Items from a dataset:
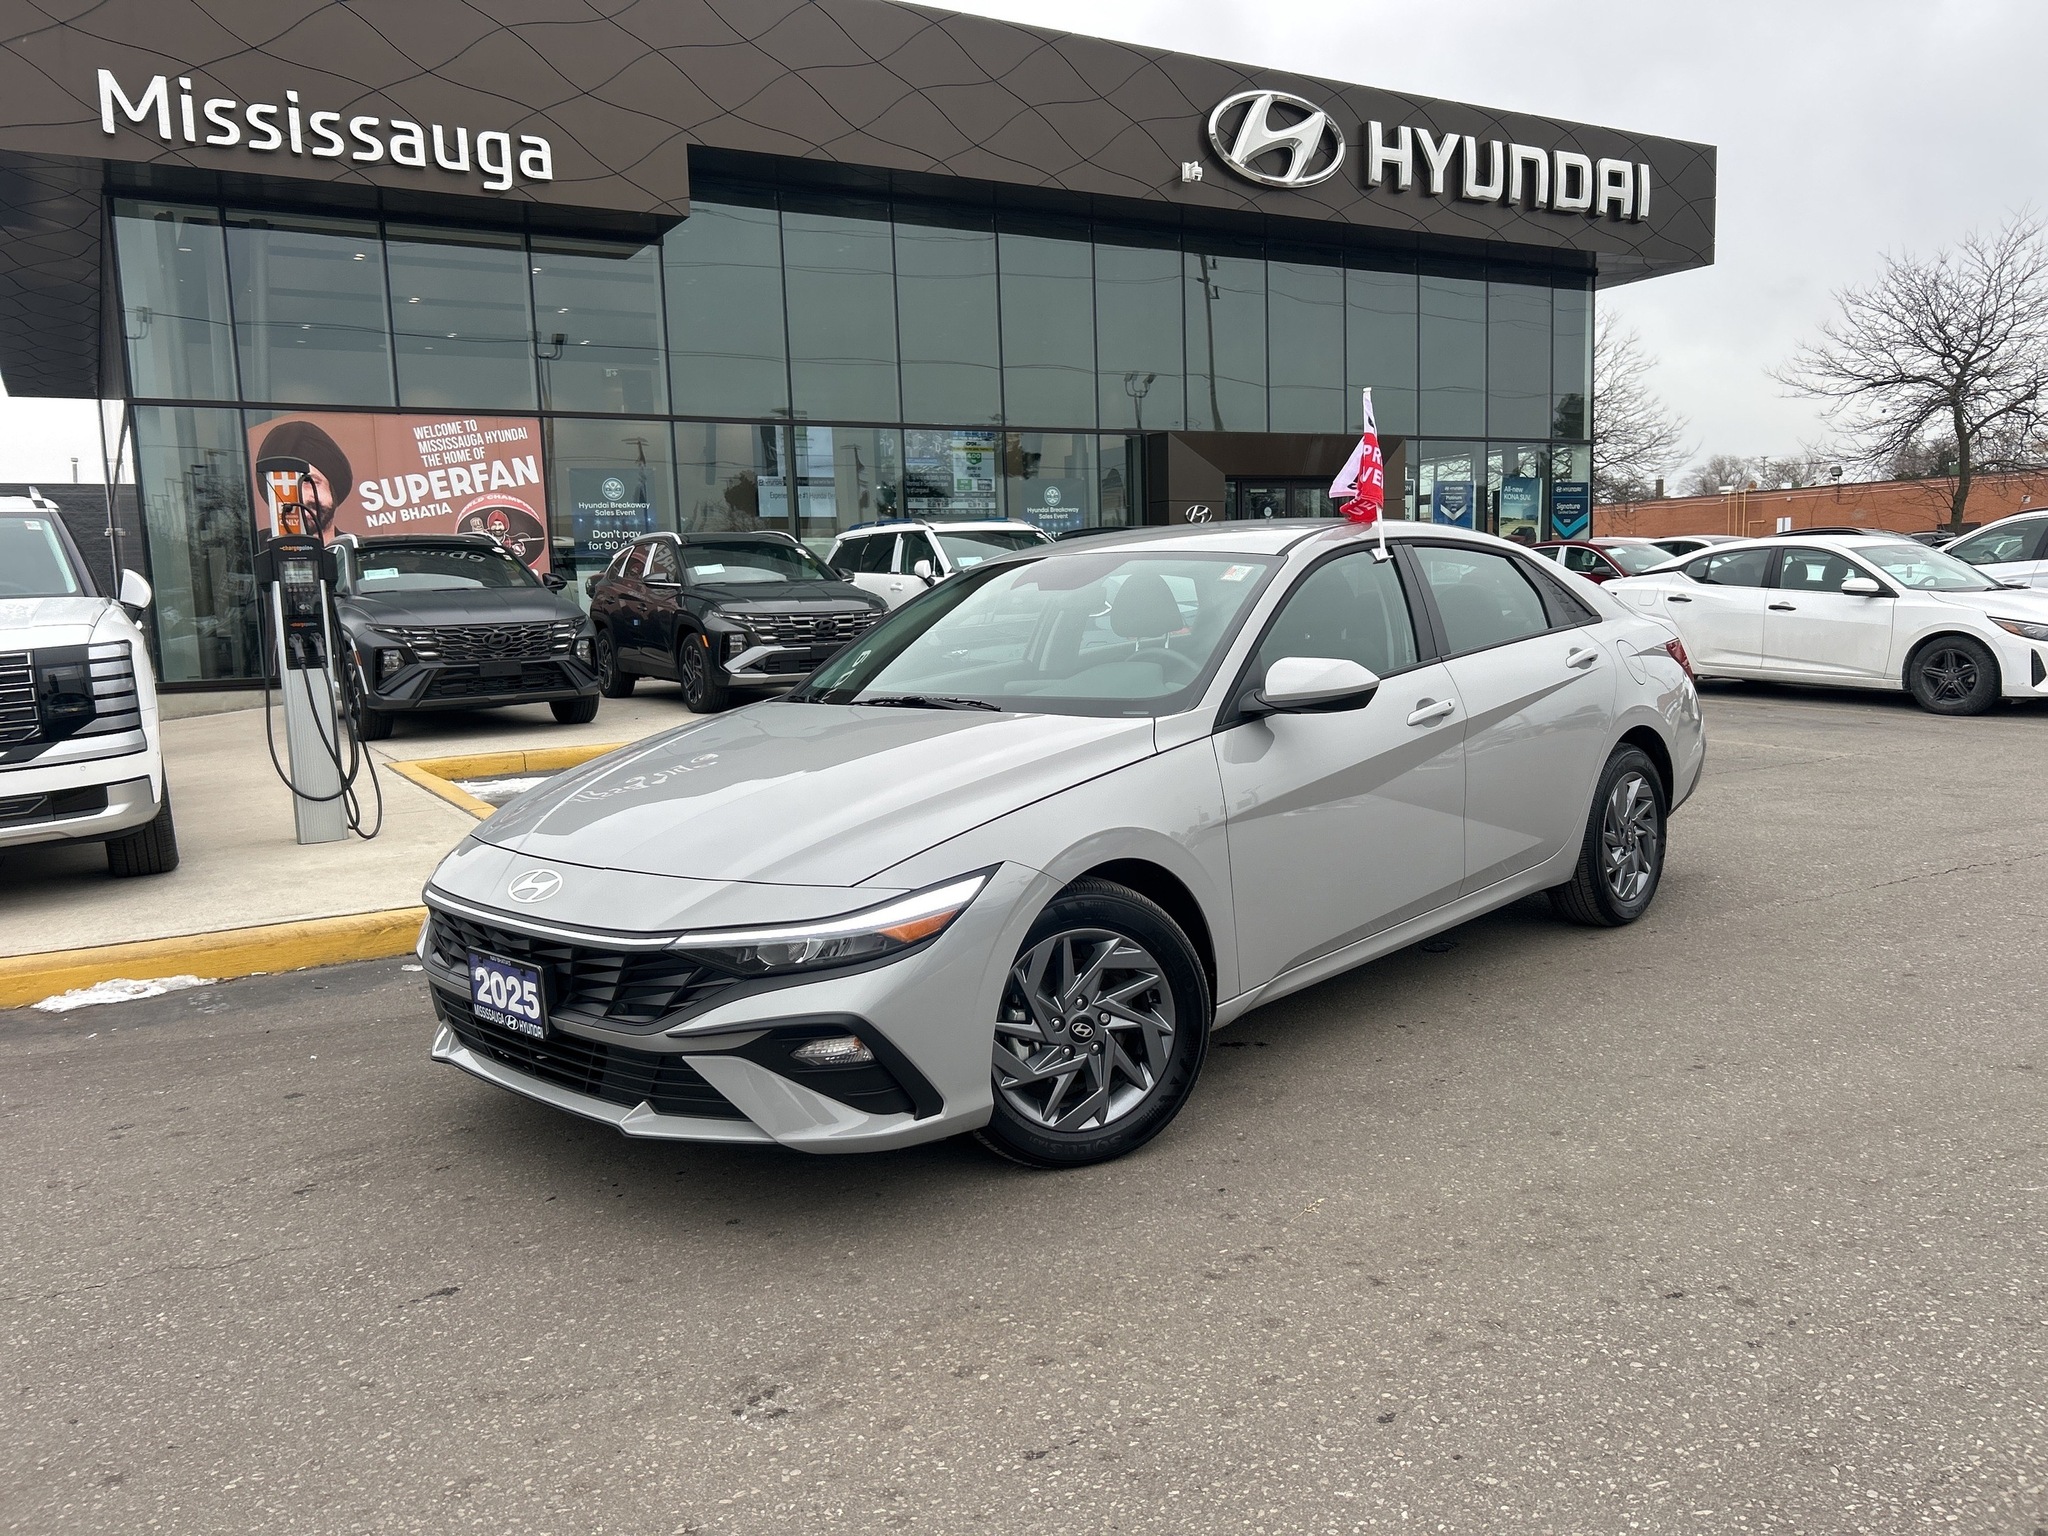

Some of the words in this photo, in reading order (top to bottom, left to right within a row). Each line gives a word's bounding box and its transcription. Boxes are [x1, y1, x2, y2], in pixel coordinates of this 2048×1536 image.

[96, 67, 554, 192] Mississauga
[1367, 120, 1651, 222] HYUNDAI
[413, 421, 463, 440] WELCOME
[464, 419, 478, 432] TO
[418, 433, 484, 454] MISSISSAUGA
[485, 427, 528, 444] HYUNDAI
[421, 454, 441, 468] THE
[444, 449, 472, 464] HOME
[473, 447, 486, 460] OF
[358, 455, 540, 512] SUPERFAN
[366, 510, 397, 528] NAV
[400, 501, 452, 522] BHATIA
[578, 502, 610, 510] Hyundai
[610, 501, 651, 510] Breakaway
[588, 541, 603, 550] for
[604, 541, 619, 550] 90
[592, 529, 620, 539] Don't
[622, 530, 641, 540] pay
[475, 966, 540, 1019] 2025
[474, 1003, 505, 1025] MISSISSAUGA
[519, 1019, 544, 1039] HYUNDAI

## Aim of the exercise
Where an image appears in the data, skip it, and return the rest verbatim.

## Written response
Some of the words in this photo, in reading order (top to bottom, left to right within a row). Each line gives a word's bounding box and its transcription. Boxes are [x1, y1, x2, y2], in pixel coordinates of this 2048×1536 image.

[96, 67, 554, 192] Mississauga
[1367, 120, 1651, 222] HYUNDAI
[413, 421, 463, 440] WELCOME
[464, 419, 478, 432] TO
[418, 433, 484, 454] MISSISSAUGA
[485, 427, 528, 444] HYUNDAI
[421, 454, 441, 468] THE
[444, 449, 472, 464] HOME
[473, 447, 486, 460] OF
[358, 455, 540, 512] SUPERFAN
[366, 510, 397, 528] NAV
[400, 501, 452, 522] BHATIA
[578, 502, 610, 510] Hyundai
[610, 501, 651, 510] Breakaway
[588, 541, 603, 550] for
[604, 541, 619, 550] 90
[592, 529, 620, 539] Don't
[622, 530, 641, 540] pay
[475, 966, 540, 1019] 2025
[474, 1003, 505, 1025] MISSISSAUGA
[519, 1019, 544, 1039] HYUNDAI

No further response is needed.